Brain, behaviour and evolution
George Paxinos
Abstract
Pre-Socratic philosophers rejected supernatural explanations for the existence of the physical world and the nature of the soul. Later, Hippocrates argued that from the brain derive our emotions. Aristotle considered the heart as the seat of the soul, attributing the brain the lowly function of cooling the blood. Galen reinstated to the brain the mind and described Aristotle’s position as absurd. After the long battle to find the seat of the soul, psychology lost its soul in the 1930s. According to Hebb, the mind is the integration of the activity of the neurons of the brain. Atlases using identical nomenclature enable scientists to navigate between the brain of humans and animals to test hypotheses. In the histological atlases, we make use of genes that are responsible for the segmentation of the brain in development (hox genes). Using evidence from transgenic mice and birds we are proposing a new plan for the organization and function of certain brain regions of mammals.
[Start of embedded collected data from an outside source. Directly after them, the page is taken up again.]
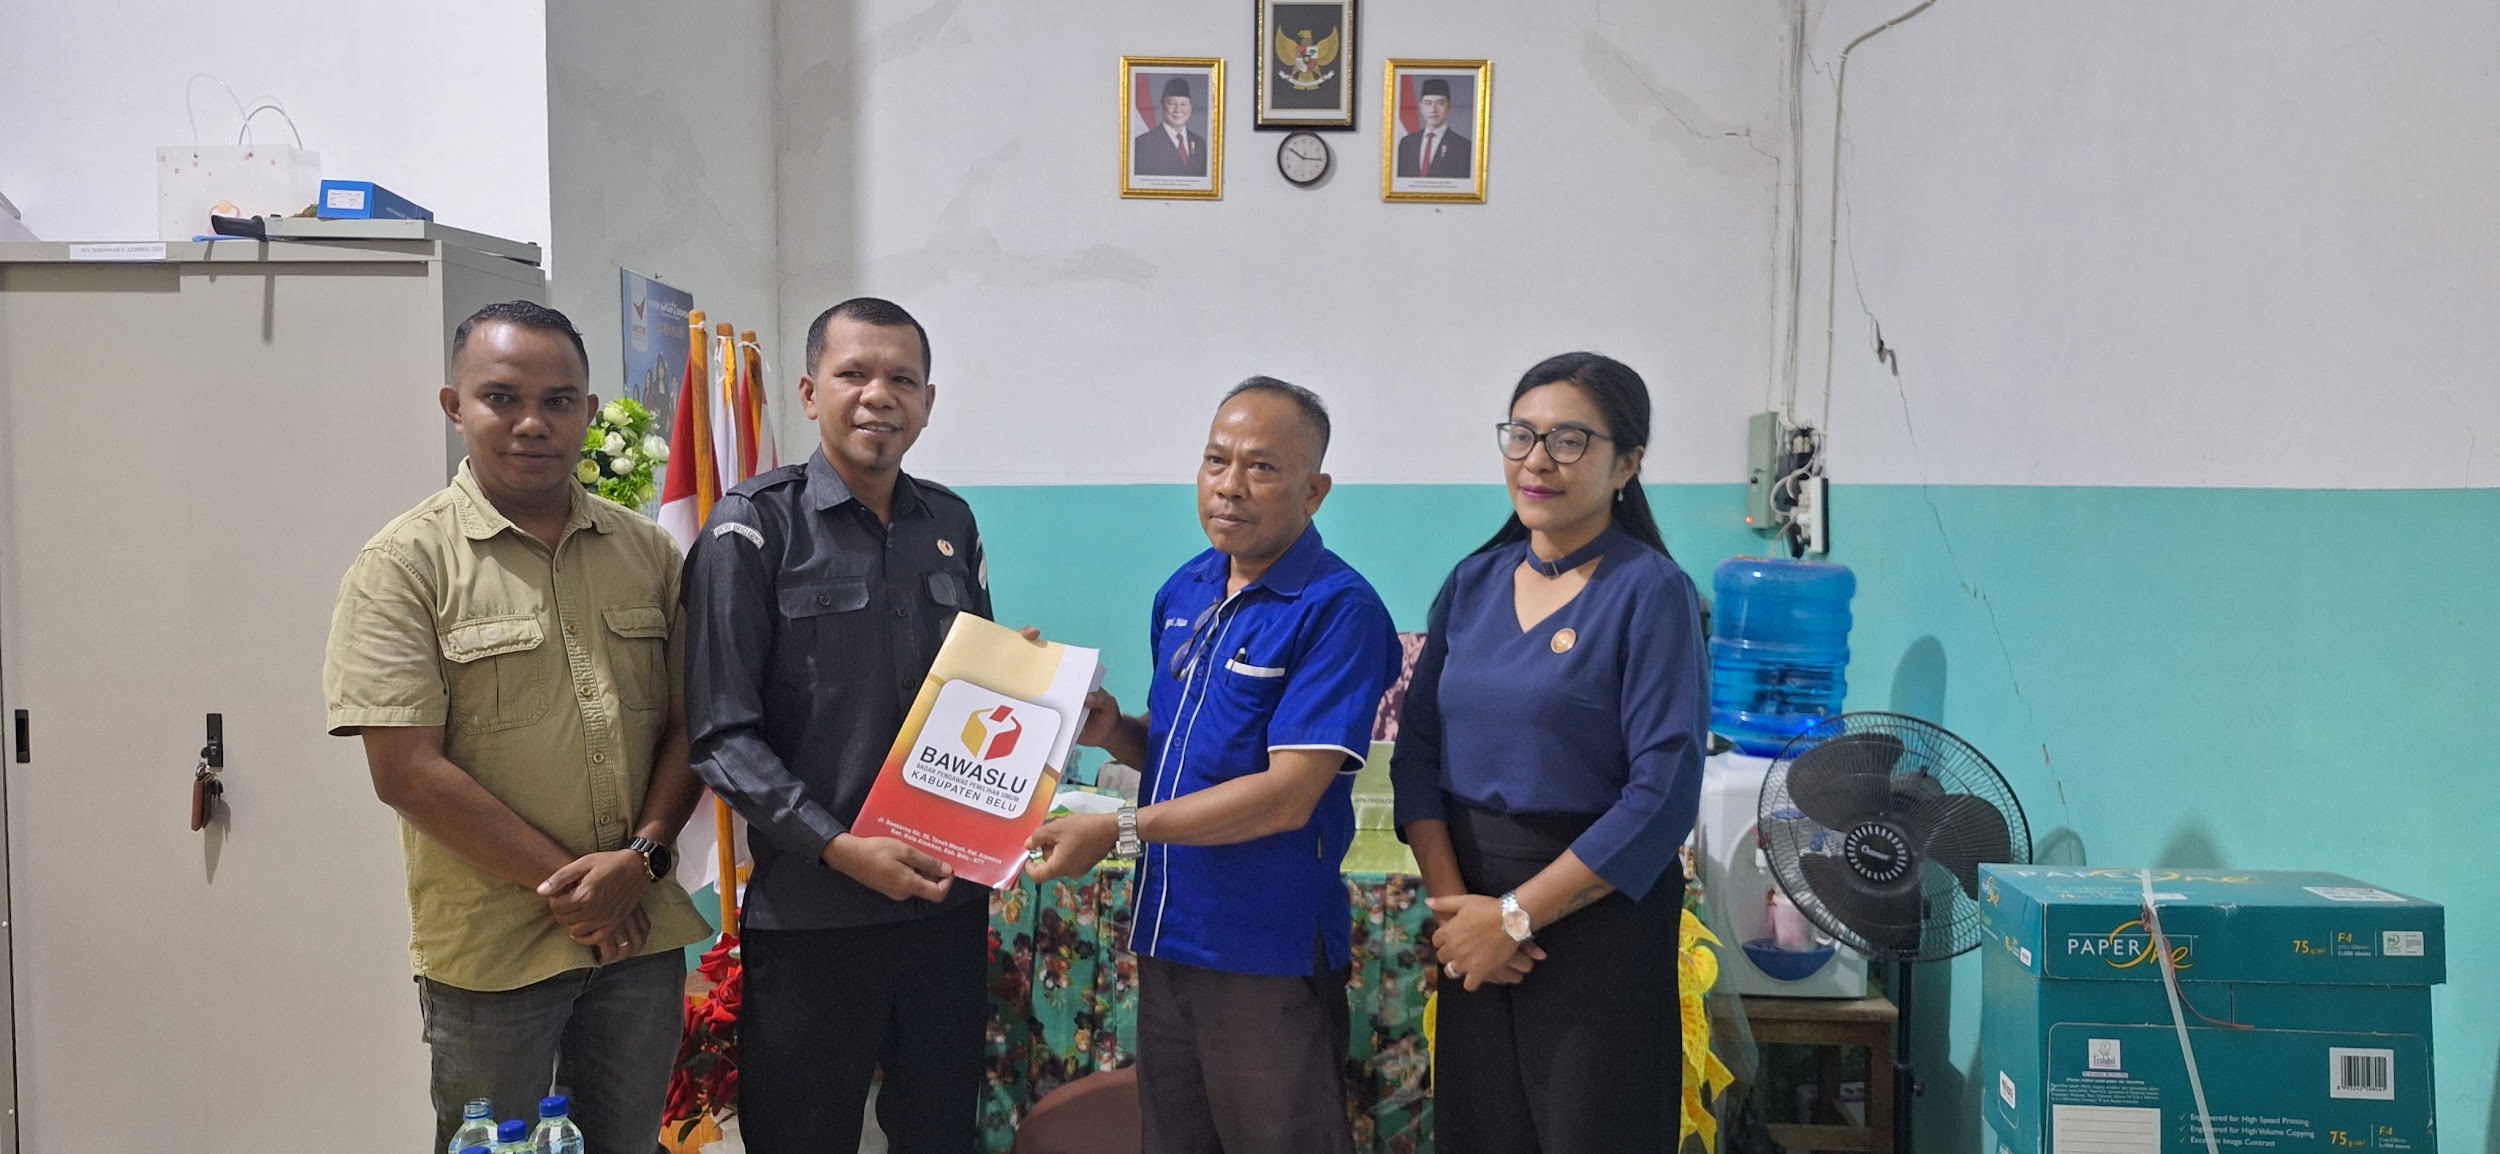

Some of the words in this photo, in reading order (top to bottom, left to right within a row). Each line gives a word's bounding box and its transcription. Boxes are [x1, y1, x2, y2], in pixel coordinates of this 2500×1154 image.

[920, 746, 1027, 794] BAWASLU
[915, 762, 936, 774] BADAN
[936, 768, 968, 786] PENGAWAS
[969, 781, 1001, 797] PEMILIHAN
[1001, 791, 1020, 802] UMUM
[911, 770, 981, 801] KABUPATEN
[985, 796, 1017, 812] BELU
[2337, 932, 2353, 943] F4
[2067, 938, 2142, 956] PAPER
[2292, 940, 2310, 954] 75
[2229, 1114, 2240, 1122] for
[2241, 1115, 2258, 1124] High
[2259, 1116, 2281, 1125] Speed
[2281, 1117, 2310, 1127] Printing
[2190, 1124, 2228, 1134] Engered
[2229, 1126, 2240, 1134] for
[2241, 1127, 2258, 1136] High
[2258, 1127, 2284, 1136] Volume
[2285, 1128, 2315, 1139] Copying
[2330, 1130, 2347, 1146] 75
[2379, 1126, 2393, 1136] F4
[2222, 1137, 2243, 1147] Image
[2244, 1138, 2276, 1147] Contrast
The human brain contains regions shared with the brain of reptiles and likely has the same regions as the brain of the chimpanzee. It places on humans constraints on the intellectual, motivational and emotional sphere. If the brain were “smaller” than what it is it would not have been able to support language and technology that today threaten existence. If the brain were “larger” that what it is, humans might have been able to understand the problem, even solve it. The brain is just not the right “size.”